Background: Nutrition intake in the context of a resistance training (RT) bout may affect body composition and muscle strength. However, the individual and combined effects of whey protein and carbohydrates on long-term resistance training adaptations are poorly understood.
Methods: A four-week preparatory RT period was conducted in previously untrained males to standardize the training background of the subjects. Thereafter, the subjects were randomized into three groups: 30 g of whey proteins (n = 22), isocaloric carbohydrates (maltodextrin, n = 21), or protein + carbohydrates (n = 25). Within these groups, the subjects were further randomized into two whole-body 12-week RT regimens aiming either for muscle hypertrophy and maximal strength or muscle strength, hypertrophy and power. The post-exercise drink was always ingested immediately after the exercise bout, 2-3 times per week depending on the training period. Body composition (by DXA), quadriceps femoris muscle cross-sectional area (by panoramic ultrasound), maximal strength (by dynamic and isometric leg press) and serum lipids as basic markers of cardiovascular health, were analysed before and after the intervention.
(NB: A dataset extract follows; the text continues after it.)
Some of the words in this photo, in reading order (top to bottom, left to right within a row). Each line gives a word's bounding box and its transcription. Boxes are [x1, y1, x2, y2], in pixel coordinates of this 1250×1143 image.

Results: Twelve-week RT led to increased fat-free mass, muscle size and strength independent of post-exercise nutrient intake (P < 0.05). However, the whey protein group reduced more total and abdominal area fat when compared to the carbohydrate group independent of the type of RT (P < 0.05). Thus, a larger relative increase (per kg bodyweight) in fat-free mass was observed in the protein vs. carbohydrate group (P < 0.05) without significant differences to the combined group. No systematic effects of the interventions were found for serum lipids. The RT type did not have an effect on the adaptations in response to different supplementation paradigms.
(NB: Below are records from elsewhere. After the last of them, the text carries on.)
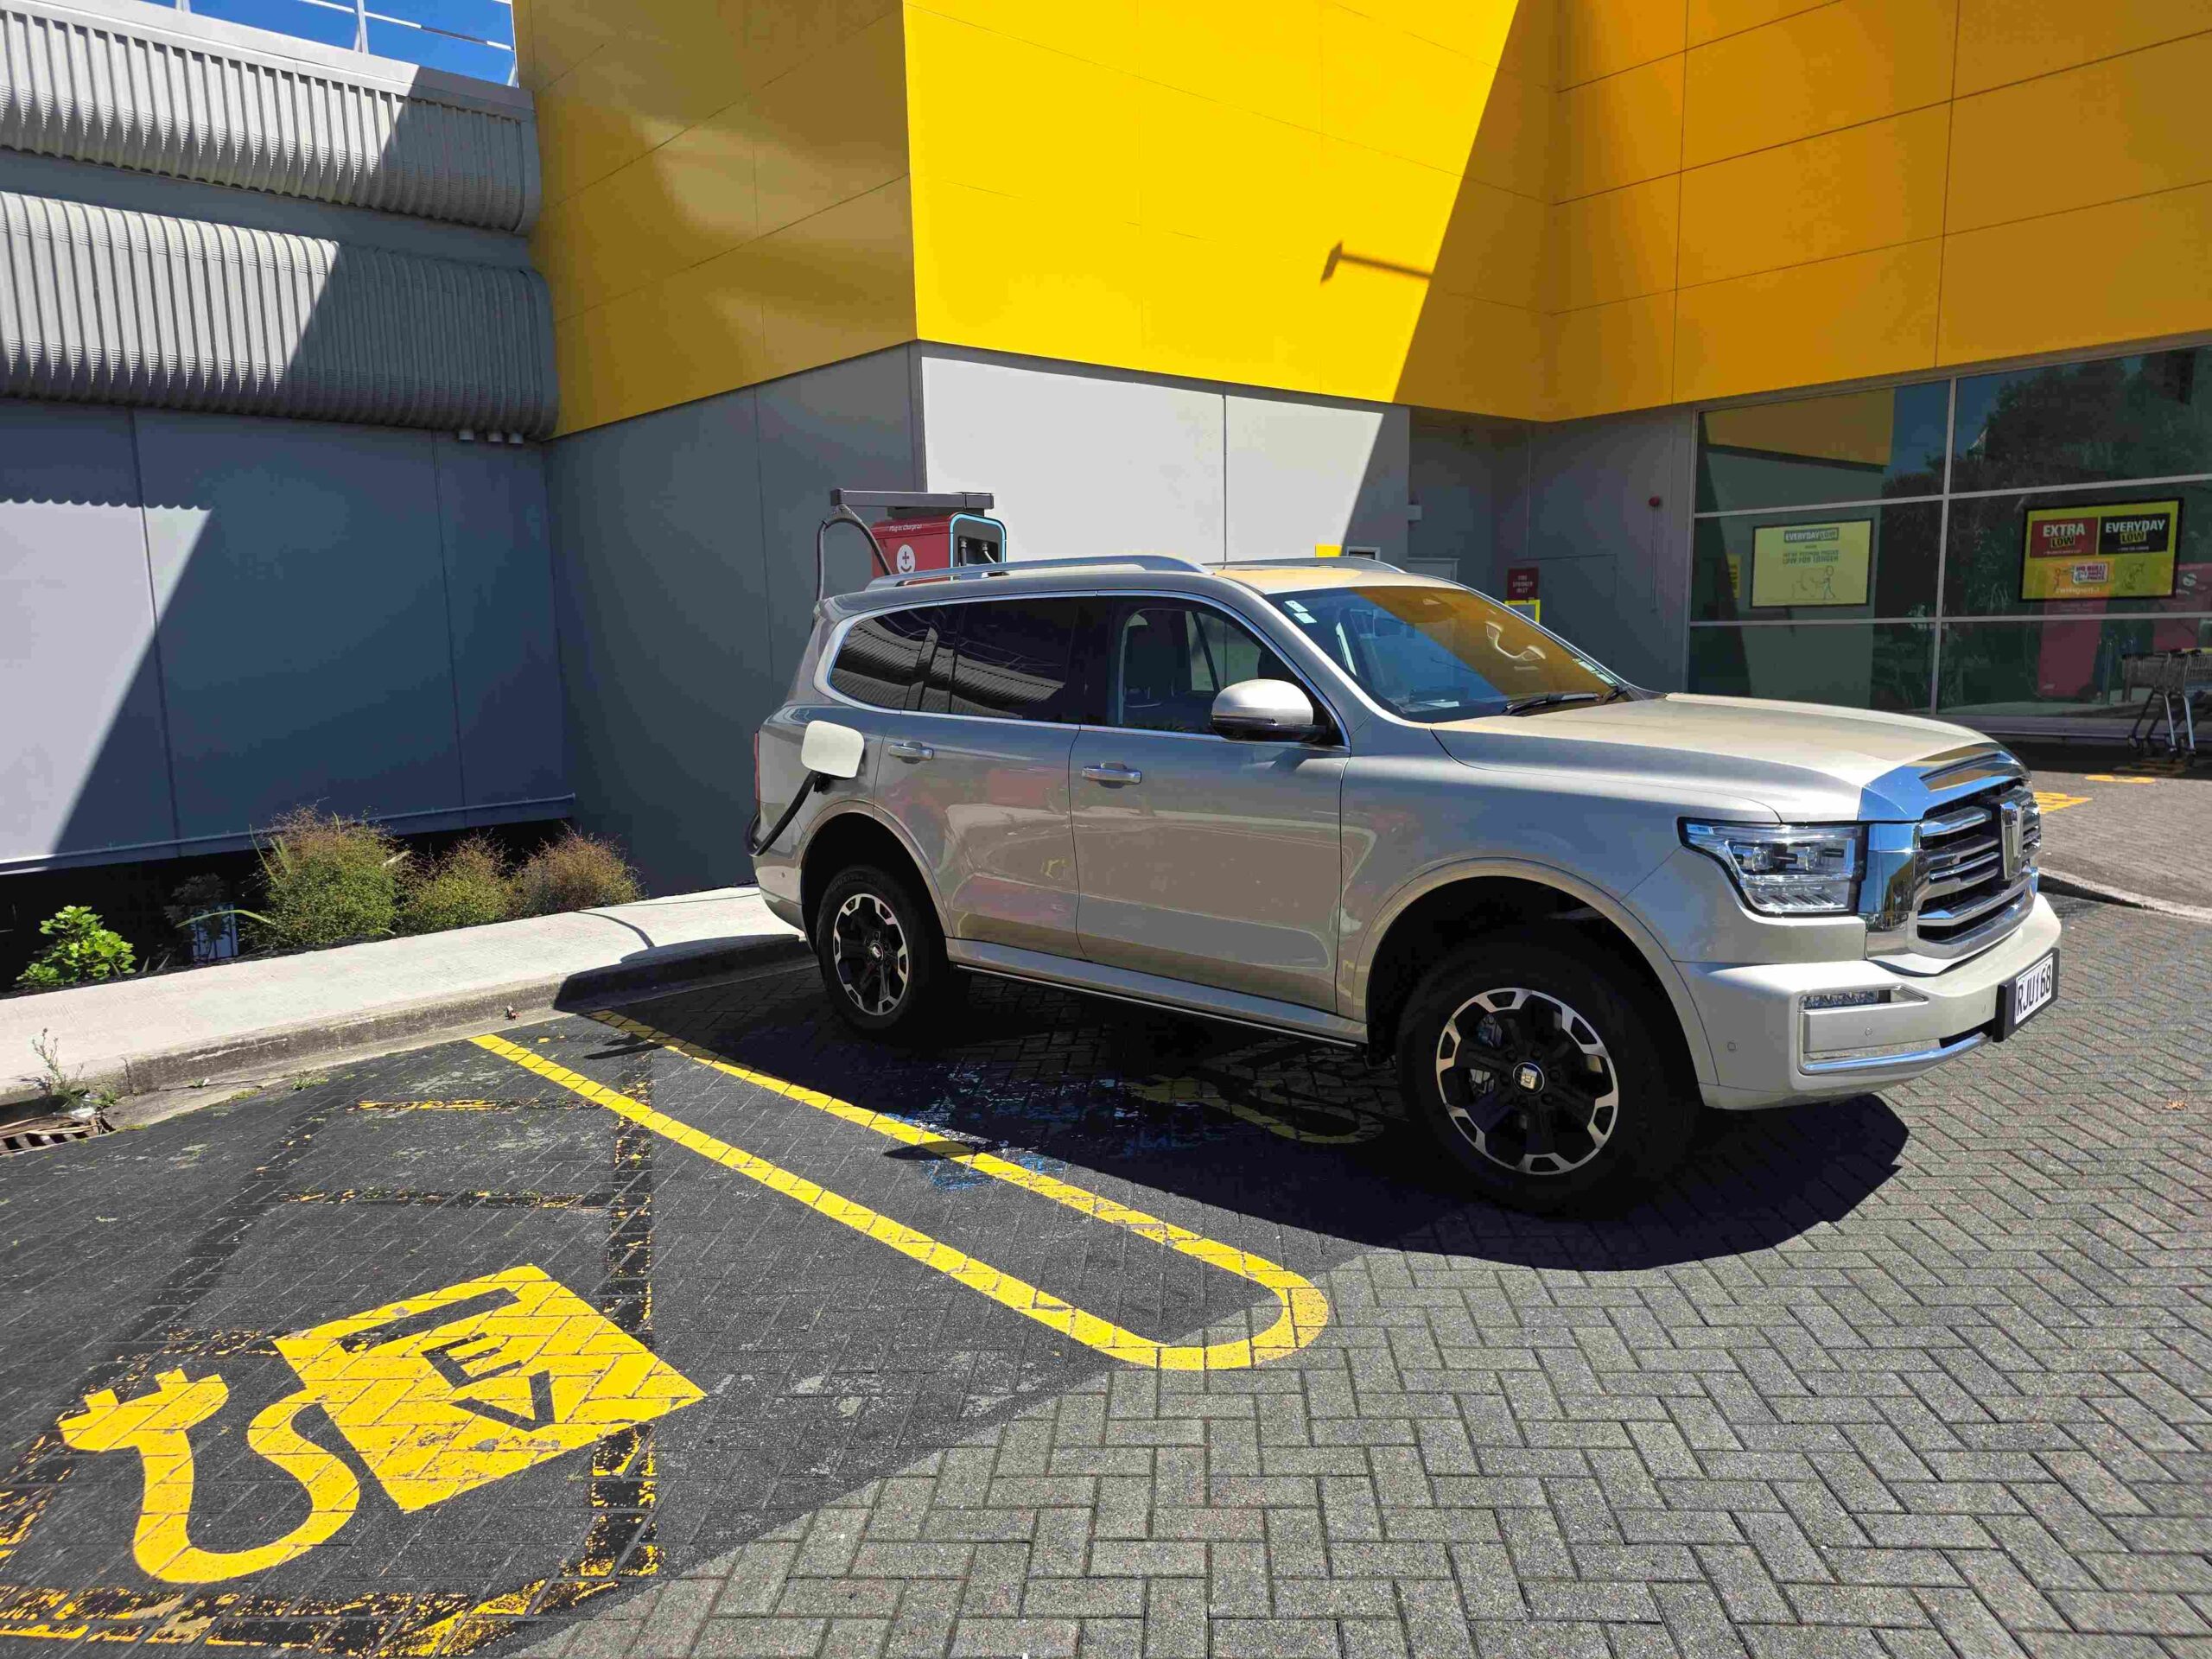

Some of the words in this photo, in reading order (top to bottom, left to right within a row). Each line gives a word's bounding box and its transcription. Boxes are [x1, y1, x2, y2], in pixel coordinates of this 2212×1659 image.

[2043, 523, 2086, 537] EXTRA
[2105, 519, 2165, 533] EVERYDAY
[1785, 531, 1819, 541] EVERYDAY
[2052, 537, 2074, 547] LOW
[2121, 532, 2144, 543] LOW
[2017, 963, 2051, 1017] RJU168
[421, 1332, 556, 1433] EV
Conclusions: Post-exercise supplementation with whey proteins when compared to carbohydrates or combination of proteins and carbohydrates did not have a major effect on muscle size or strength when ingested two to three times a week. However, whey proteins may increase abdominal fat loss and relative fat-free mass adaptations in response to resistance training when compared to fast-acting carbohydrates.
Keywords: Hypertrophy; Nutrition; Resistance training; Skeletal muscle; Supplement.